Christo Botha hated the men who lived in the compound. Christo was educated and intelligent and he could have left the township anytime he wished to but chose to remain. Christo taught the children in the daytime and walked the streets in the evening to reason and inform the young men that lived there. He had taught the children of the township for some ten years now and in that time, he had never lost his enthusiasm for the task or shown any sign of anger towards his pupils. The children loved him and would listen to him intently during lessons. Even the young men who served as night raiders in the evening would stop to talk to Christo. They always treated him with respect and good humour, hanging on his every word. Unfortunately, their need to survive in a world that had abandoned them meant that all they could take from Christo were words that might someday prove invaluable should they manage to leave the township. Christo's relationship with the adults of the township was markedly different. Although the adults were eternally grateful for the time he spent with their children, Christo was shy around the adults, particularly the women. He never held long conversations with them, he just politely answered their questions and returned their greetings. Ten years ago, the handsome young black African entered the village to offer to teach the children and Christo looked exactly the same today as he did then. Many women in the township had tried to get closer to Christo. He was after all, handsome, intelligent and well mannered and on top of that he always seemed stronger than the other men. No one could explain the aura that surrounded Christo but this aura extended itself to the males of the township as well. The women called the men of the village 'bang', meaning scared, in reference to Christo. When the young men gathered in a group around Christo, laughing and joking and slapping him on the back, the women would giggle at the creeping of the young men and whisper 'bang' to each other. The men knew that the women would ridicule them in this way but what could they do. They did not know why and could not explain it but they were very scared of Christo.

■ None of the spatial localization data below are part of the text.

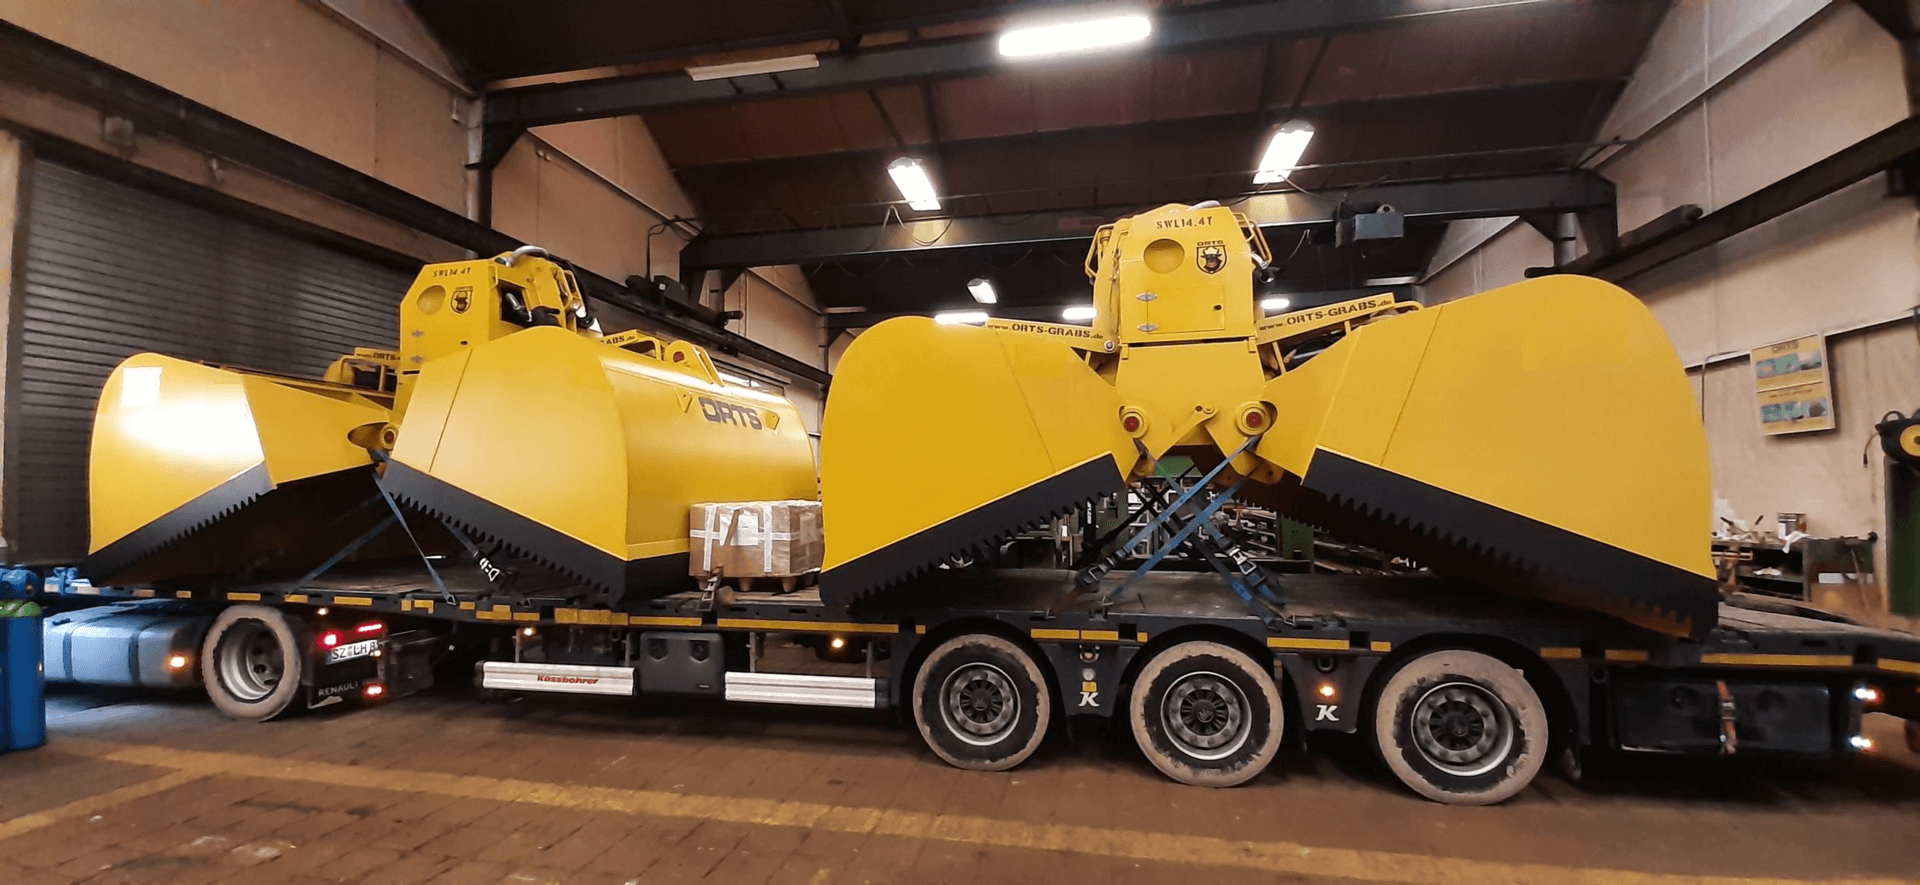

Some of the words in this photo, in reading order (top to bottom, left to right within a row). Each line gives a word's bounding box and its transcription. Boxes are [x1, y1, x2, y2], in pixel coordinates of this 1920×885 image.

[1156, 216, 1212, 229] SWL14.4T
[1259, 300, 1392, 331] www.ORTS-GRABS.de
[987, 323, 1104, 339] www.ORTS-GRABS.de
[698, 396, 763, 430] ORTS
[332, 647, 347, 660] SZ
[318, 681, 359, 697] RENAULT
[1078, 691, 1100, 707] K
[1315, 704, 1340, 721] K

Christo was teaching the children in his class when one of the boys leapt to his feet and pointed outside to the road. The other children quickly followed suit and jumped up and down excitedly despite Christo's best efforts to calm them. He smiled to himself as he knew that he had no hope of curtailing the children's exuberance. When strangers came to town in a brand new vehicle it was a major event.

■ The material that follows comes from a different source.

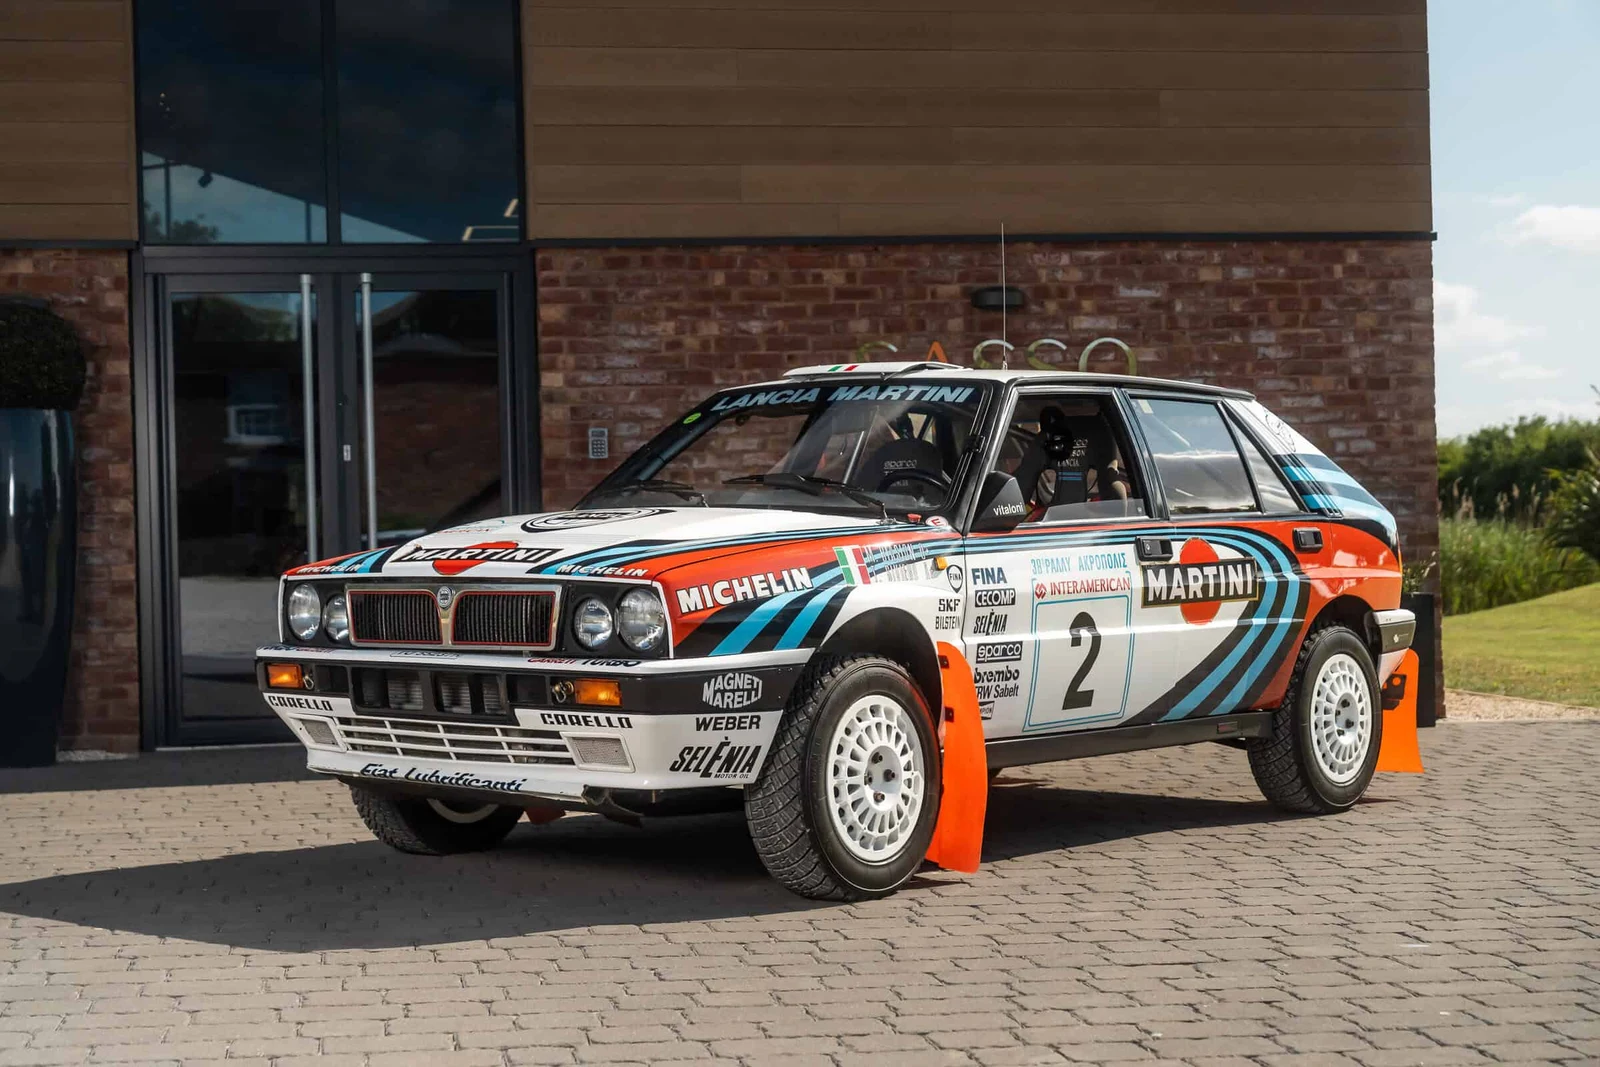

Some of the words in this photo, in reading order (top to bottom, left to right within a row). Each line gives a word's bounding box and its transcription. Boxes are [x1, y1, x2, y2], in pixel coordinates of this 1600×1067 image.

"Okay, okay, I will look as well," said Christo, looking outside.
The jeep was shiny and new and travelling with the driver were four others. A dark long haired man, a big man, a stunning woman and a fat man. When the jeep stopped and the four of them left the vehicle, Christo opened the door of the shack and gestured for the children to go outside.

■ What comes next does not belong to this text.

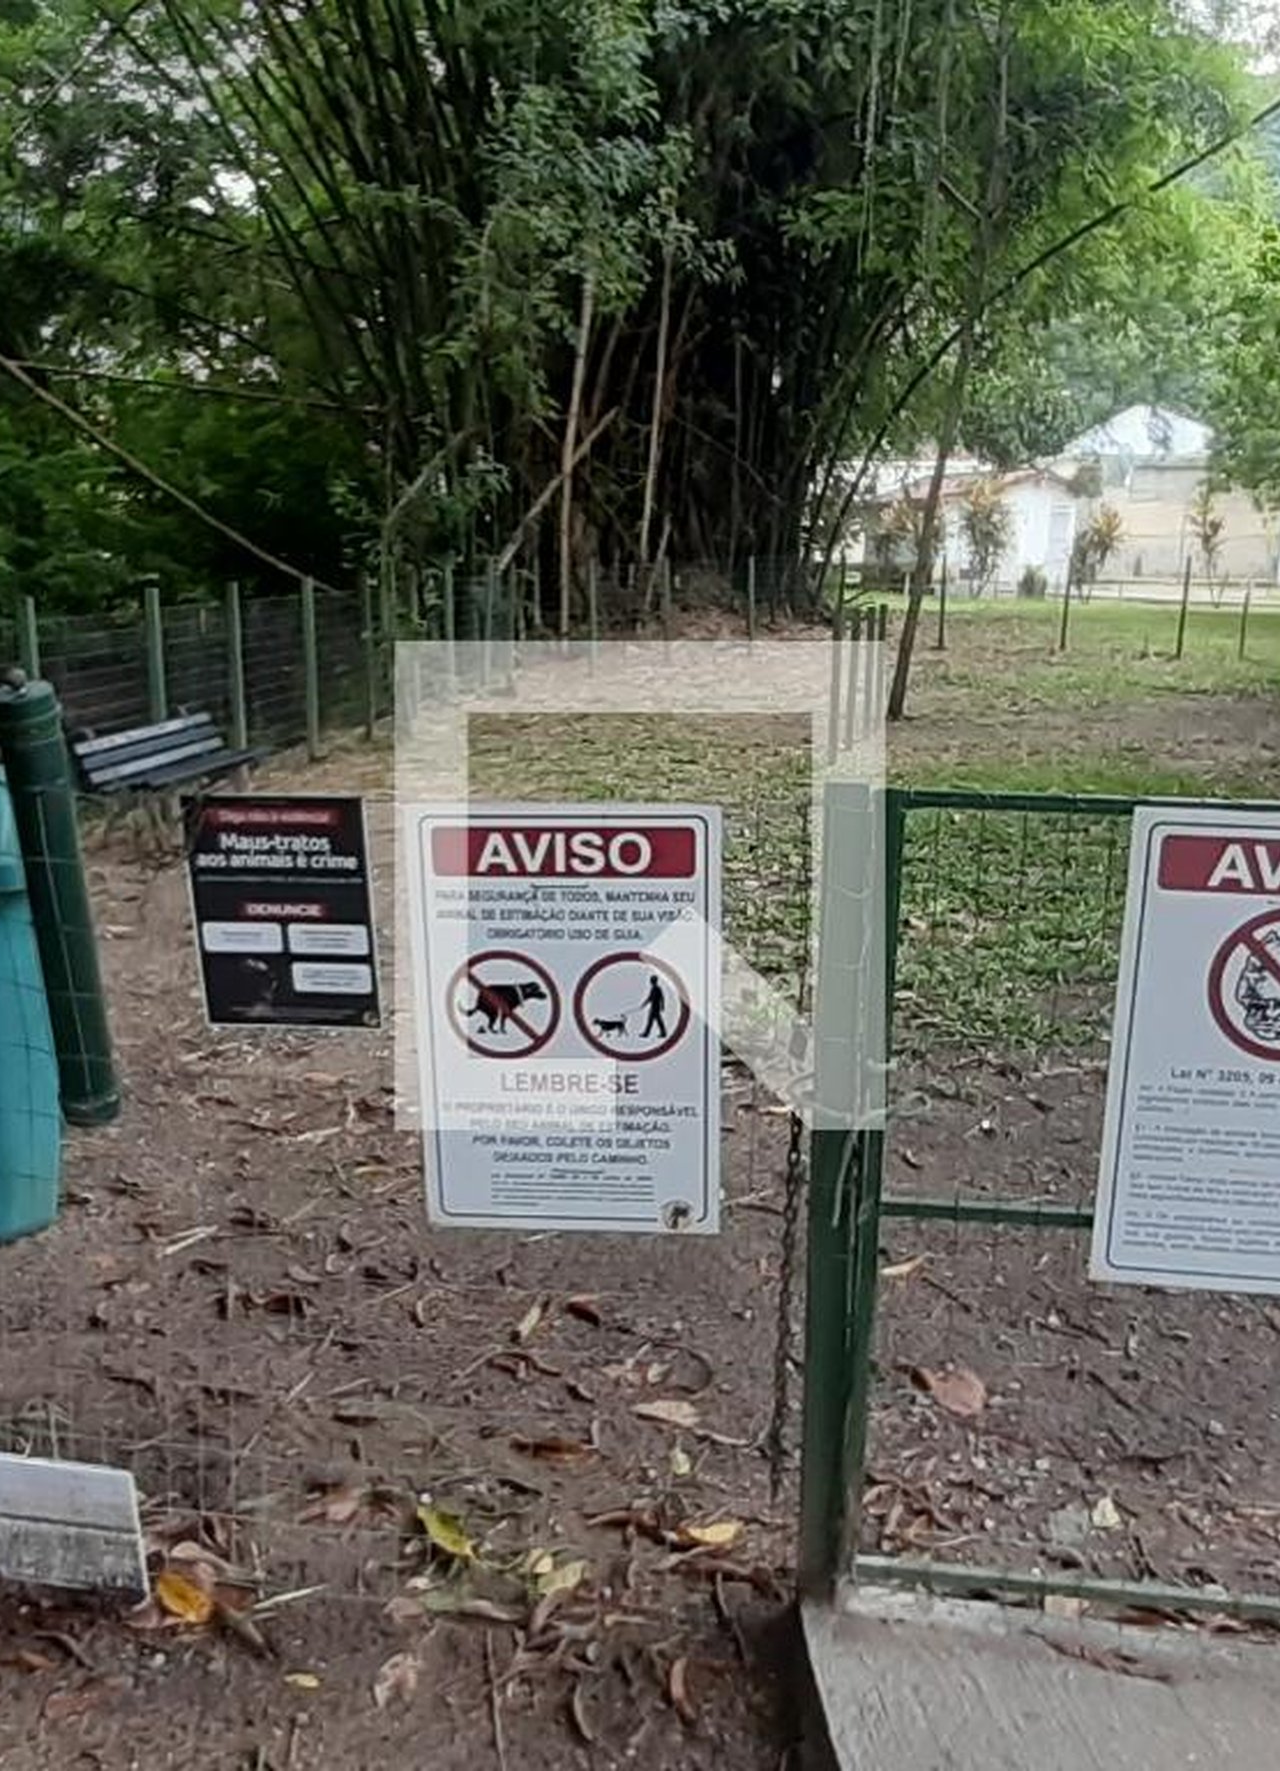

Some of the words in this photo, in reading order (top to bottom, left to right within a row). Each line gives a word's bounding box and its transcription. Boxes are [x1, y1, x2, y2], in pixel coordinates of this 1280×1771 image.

"C'mon what are you waiting for? I think we should greet our visitors, don't you?" he asked.
The children cheered wildly and ran outside to mob the new arrivals. The occupants of the jeep had come well prepared and well briefed as they distributed sweets and chocolate to the children. As Christo made his way through the pupils towards the new arrivals, the dark-haired man looked at him and smiled broadly.
"I hope you don't mind?" he asked. "We were told that they would love this."
Christo smiled and shook his head.
"I don't mind at all but then again they are not my children. I am just their teacher," said Christo.
The dark-haired man strode towards Christo and extended a hand.
"You must be Mister Botha. We have heard all about you. The people of the township owe you a great deal. I am Adam Blake by the way. It's a pleasure to meet you," said Blake.
"They owe me nothing. It is an honour to educate these children. Christo Botha. What brings you here Mister Blake?" asked Christo.
"I am an archaeologist and historian. As part of my visit to South Africa, I want to learn more about the townships. To be honest, I chose this township because they say there is no crime here. Safer for me and my companions, you understand?" said Blake.
"There is no crime here, that is true. The young men just export it," said Christo. "I try to convince them not to but it is very difficult when you have nothing and others have everything."
"You are their teacher not their probation officer," said Blake, smiling.
"This is true and I thank you for the chocolate and sweets but the children need education more than anything else, so I will take them back to their class now," said Christo.
"Before you do that," said Blake. "Victor!"
Victor started to take boxes from the back of the Jeep. Once he had unloaded them all, he brought one across to Blake and Christo. Victor opened the box to reveal notepads, pens, pencils and other stationery inside.
"I thought it would help," said Blake.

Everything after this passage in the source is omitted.